TO DO —
Could you output every record below exactly, leaving out the pictures?

————————

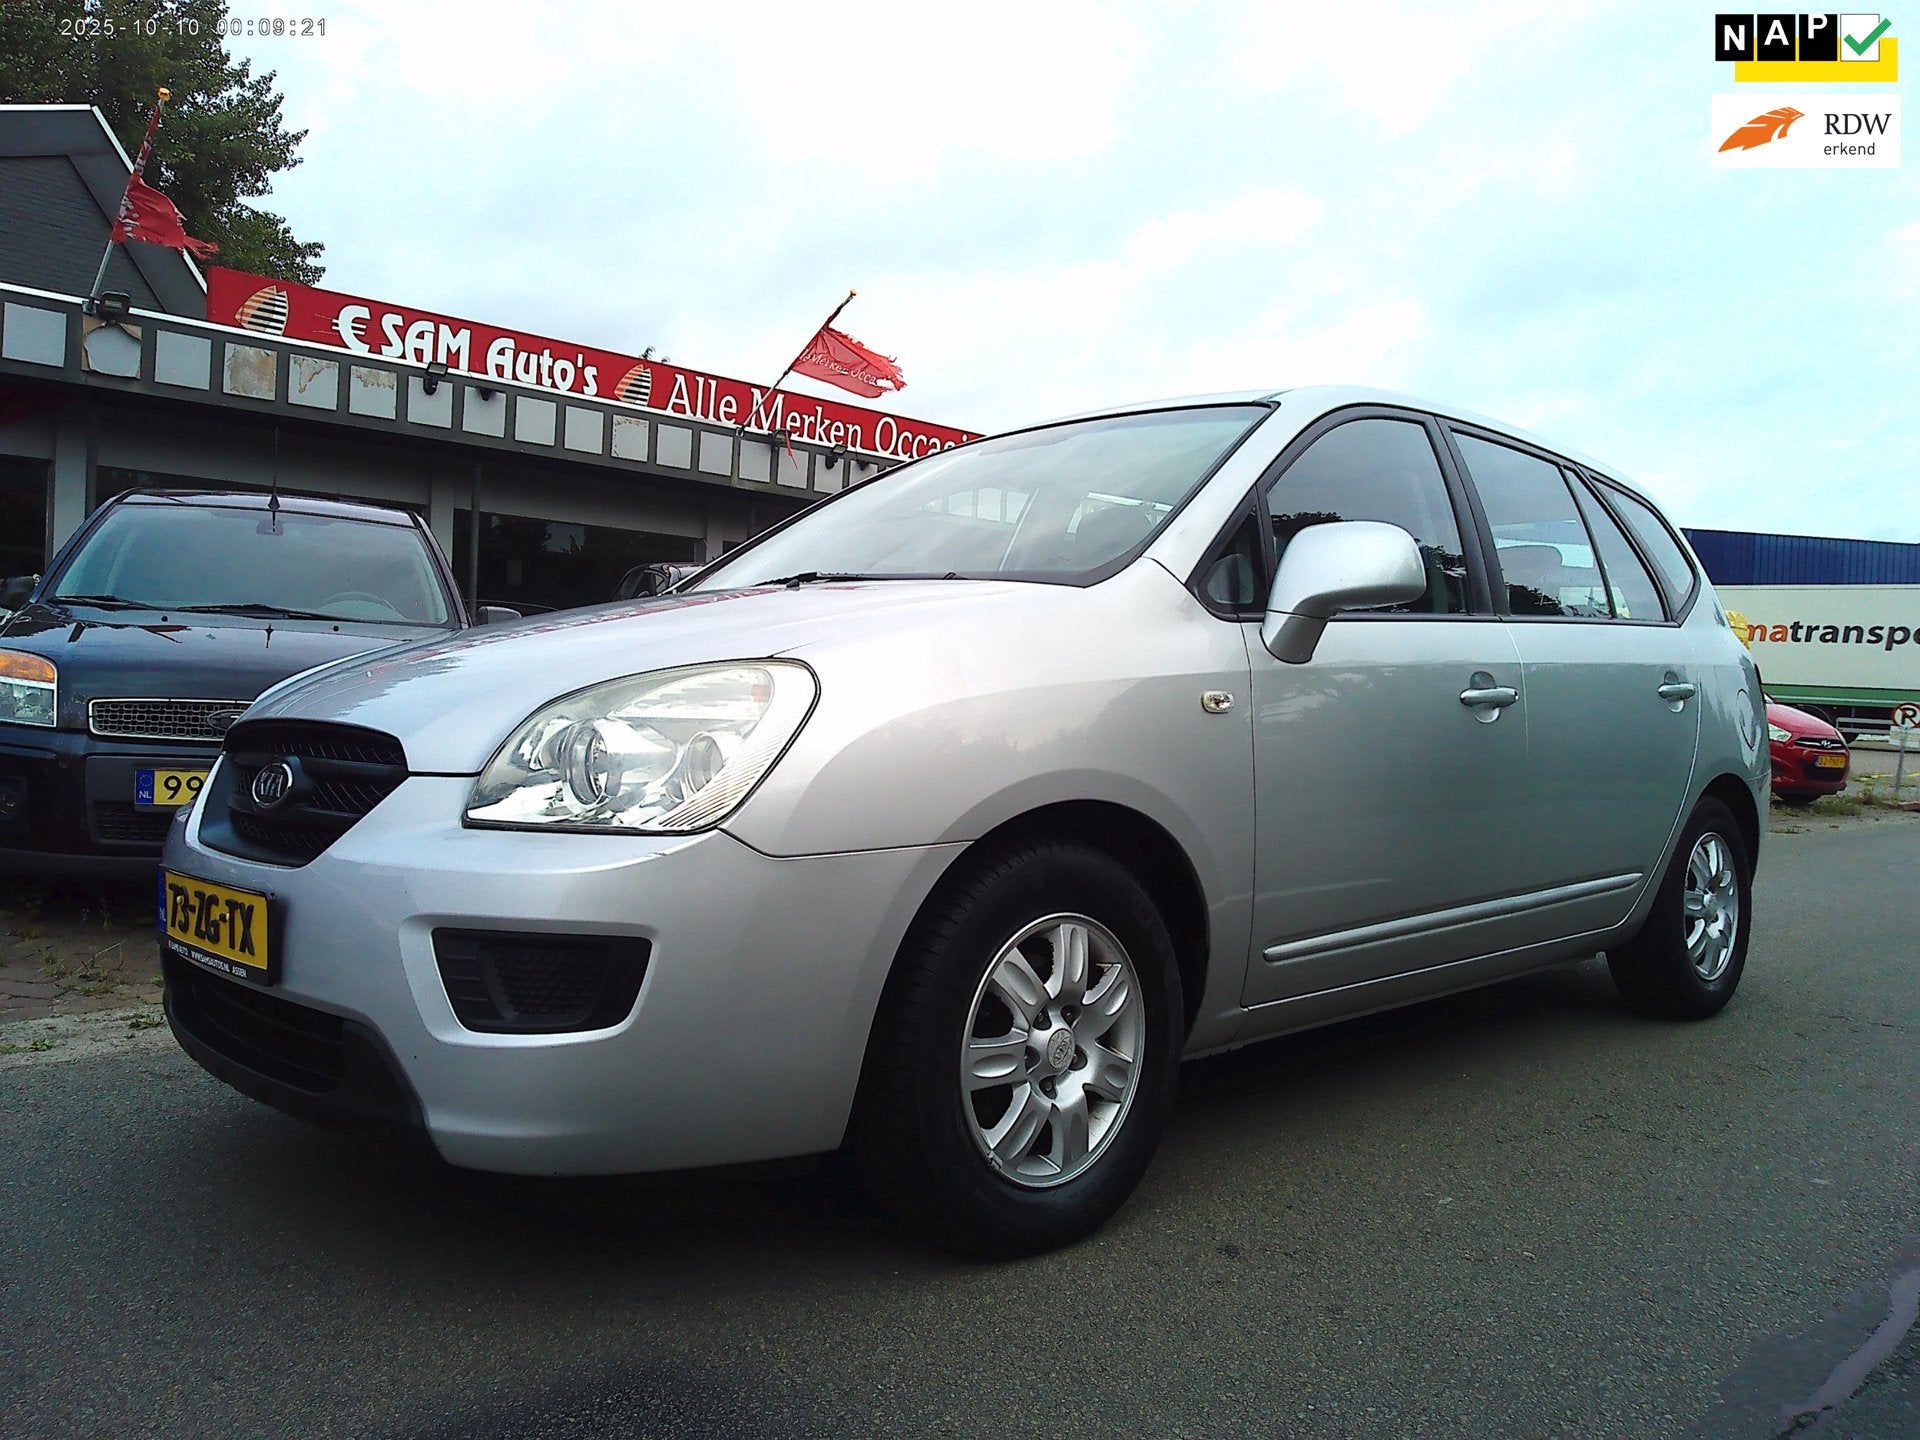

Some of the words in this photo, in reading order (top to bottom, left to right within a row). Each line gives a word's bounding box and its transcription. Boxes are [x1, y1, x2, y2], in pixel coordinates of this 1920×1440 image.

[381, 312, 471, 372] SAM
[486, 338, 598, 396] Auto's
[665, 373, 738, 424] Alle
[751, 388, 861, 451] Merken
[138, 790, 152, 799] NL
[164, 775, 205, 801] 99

————————

RESULT OF THE TASK —
Some of the words in this photo, in reading order (top to bottom, left to right within a row). Each line gives a word's bounding box and its transcription. Boxes are [x1, y1, x2, y2], in pixel coordinates of this 1920×1440 image.

[381, 312, 471, 372] SAM
[486, 338, 598, 396] Auto's
[665, 373, 738, 424] Alle
[751, 388, 861, 451] Merken
[138, 790, 152, 799] NL
[164, 775, 205, 801] 99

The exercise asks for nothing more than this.